Como se recordará, el pasado mes de junio el Papa Francisco realizó una inesperada visita a la pequeña isla de Lampedusa, frente a las costas de Túnez y Libia, para reunirse con «los últimos», los inmigrantes africanos que llegaron en barcos miserables abarrotados de gente exhausta. Al reunirse con el primer grupo que le esperaba en el muelle, el Papa tuvo un recuerdo para «los que no están», decenas de millares de personas, en su mayoría jóvenes, que murieron en el intento de llegar a Europa. Eran africanos y refugiados de Oriente Medio que huían de la guerra, los abusos o la miseria. Muchos de ellos, explotados por los traficantes de seres humanos.

Poco después, en la misa celebrada en el campo de fútbol, el Papa reveló que las noticias sobre los naufragios de pateras y la continua acumulación de miles de víctimas le «dolían continuamente como una espina en el corazón. Por eso sentí que tenía que venir hoy aquí a rezar». Pero no basta con rezar y quedarse quieto. Su intención, dijo, es «despertar nuestras conciencias para que lo sucedido no se repita». Y lo hizo saludando en primer lugar a los inmigrantes musulmanes, que empiezan el ayuno del Ramadán, y dando las gracias «a los voluntarios y las fuerzas de seguridad, que habéis demostrado tanta atención a estas personas que viajan hacia un destino mejor».

El Santo Padre dirigió a los presentes y a toda Europa la pregunta de Dios en el Génesis: «Caín, ¿Dónde está tu hermano?», pues se ha llegado a «toda una cadena de errores que es una cadena de muerte que derrama la sangre del hermano». El Papa insistió en que «no es una pregunta dirigida a otros, sino a mí, a ti, a cada uno de nosotros. Estos hermanos nuestros que intentaban escapar de situaciones difíciles han encontrado la muerte».

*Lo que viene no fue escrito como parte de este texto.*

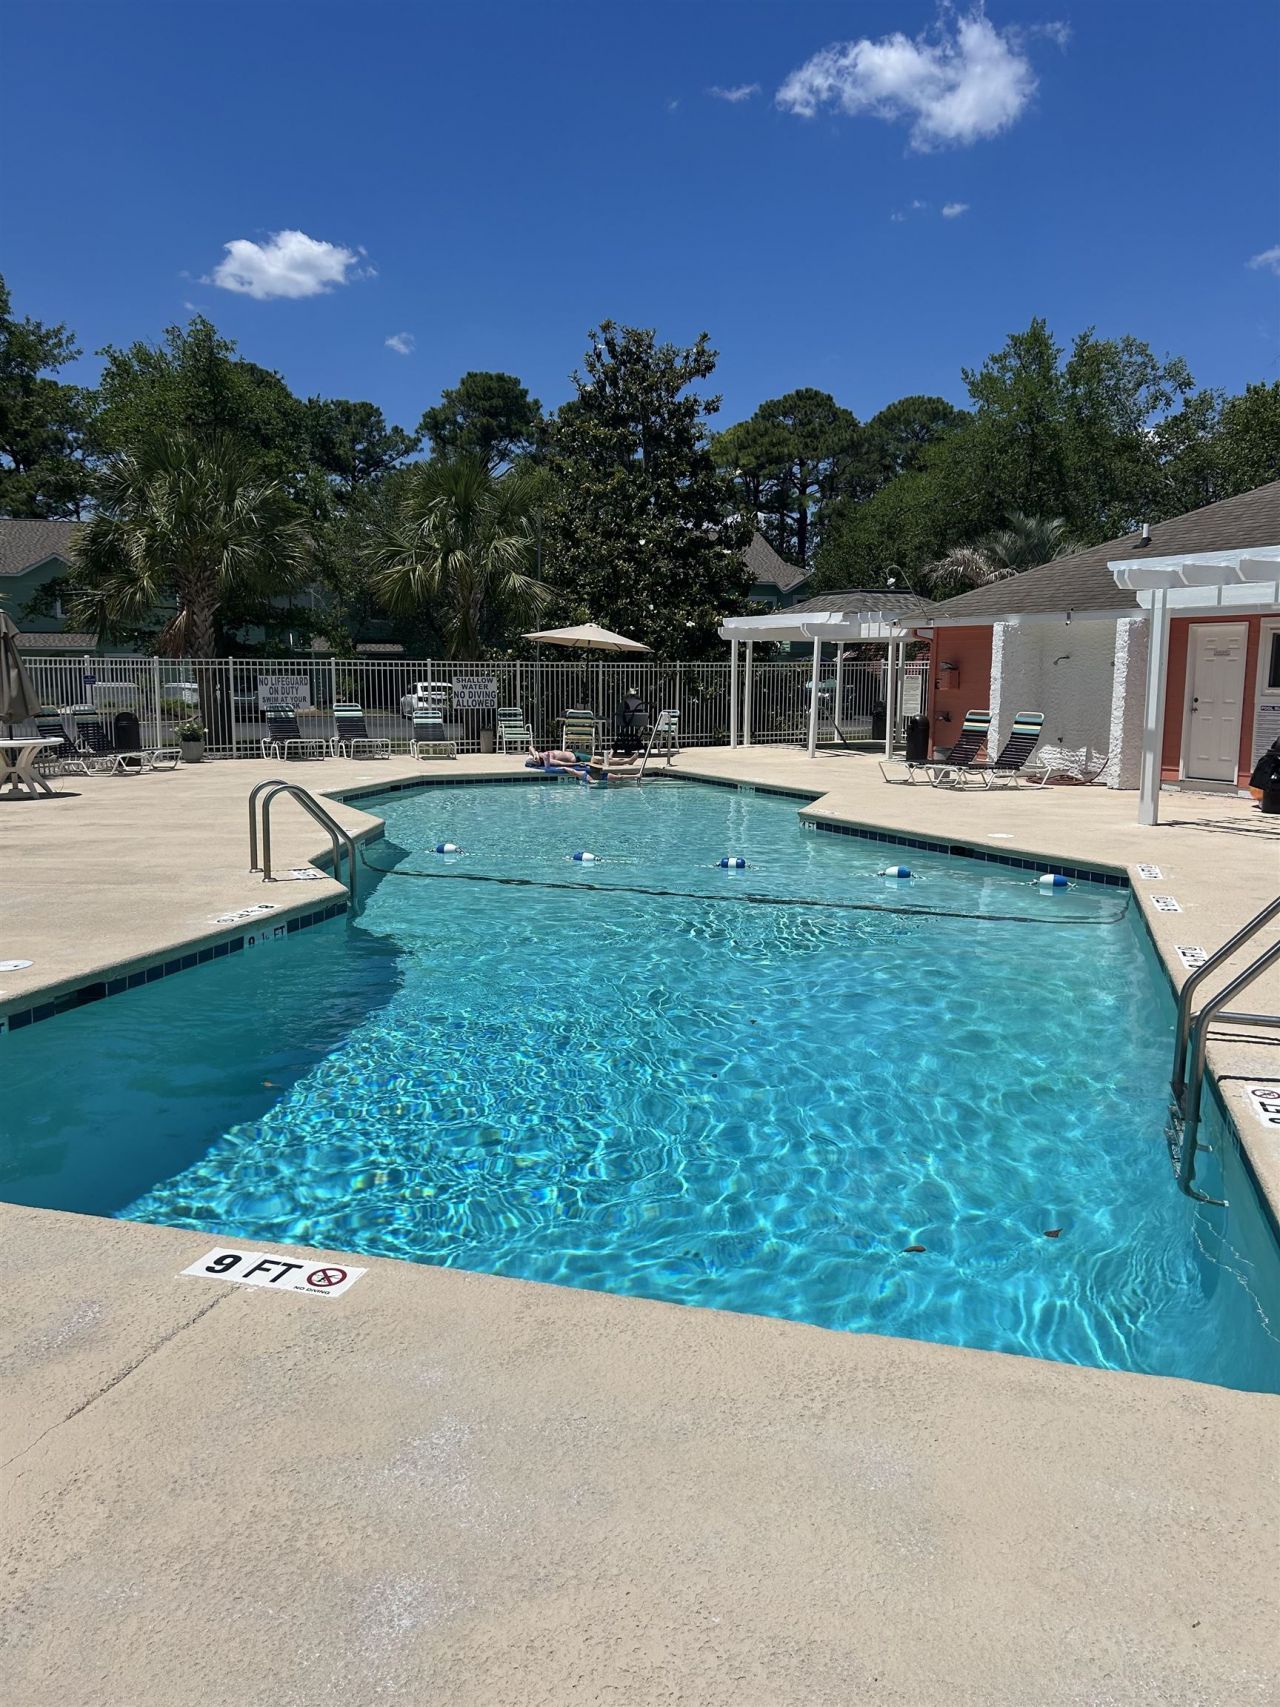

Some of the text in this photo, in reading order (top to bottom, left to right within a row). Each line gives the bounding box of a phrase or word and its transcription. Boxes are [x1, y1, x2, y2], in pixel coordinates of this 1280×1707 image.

[258, 676, 309, 686] NO LIFEGUARD
[269, 686, 299, 695] ON DUTY
[454, 690, 497, 699] NO DIVING
[291, 695, 307, 703] YOUR
[456, 699, 495, 708] ALLOWED
[205, 1254, 304, 1283] 9 FT
[305, 1287, 331, 1295] DIVING

Para colmo, nadie se hace responsable. El Santo Padre citó la obra «Fuente Ovejuna» de Lope de Vega para plantear «¿Quién mato al Gobernador?, Fuente Ovejuna, señor». Se hacen responsables todos y, por lo tanto, ninguno.

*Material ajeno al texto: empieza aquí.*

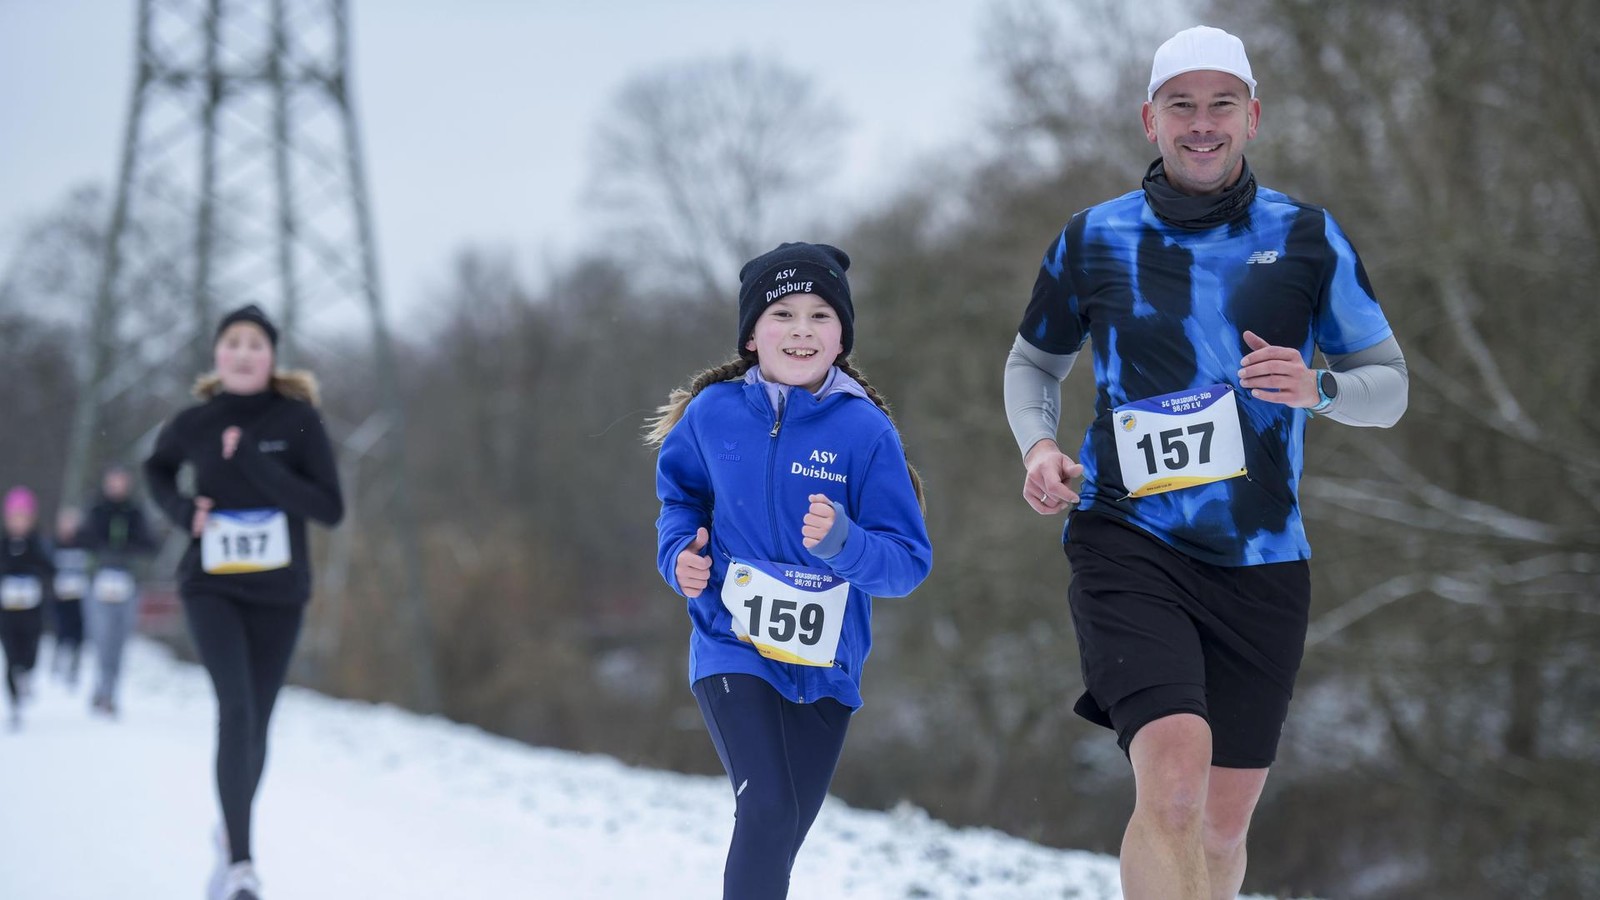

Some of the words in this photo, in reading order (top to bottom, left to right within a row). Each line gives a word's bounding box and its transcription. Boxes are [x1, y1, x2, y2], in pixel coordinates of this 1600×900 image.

Del mismo modo, «nadie se siente responsable» de la tragedia de las pateras pues, según el Papa, «la cultura del bienestar nos hace insensibles, nos hace vivir en pompas de jabón, que lleva a la indiferencia respecto a los demás. Que lleva a la globalización de la indiferencia. ¡Hemos caído en la globalización de la indiferencia!».

Francisco planteó una pregunta directa: «¿Quién de nosotros ha llorado por la muerte de estos hermanos y hermanas? ¿Por las jóvenes madres que llevaban a sus hijos?». En efecto, «somos una sociedad que ha olvidado la experiencia de llorar», que se vuelve indiferente ante la muerte. Por eso invitó a rezar «para que el Señor limpie los restos de Herodes que hay en nuestro corazón». Y a pedir perdón por «quienes se encierran en su propio bienestar, que lleva a la anestesia del corazón. Y por quienes, con sus decisiones a nivel mundial han creado las situaciones que llevan a estos dramas».

El Papa se había emocionado ya durante su breve recorrido por mar –desde el aeropuerto hasta el muelle- en la patrullera italiana CP282, que ha rescatado del mar a más de 30.000 personas en ocho años de servicio. Varias zonas del puerto, convertidas en cementerio de barcos miserables, recordaban el inmenso cementerio marino, entre Lampedusa y las playas de Libia, donde reposan decenas de miles de personas que nunca completaron la travesía.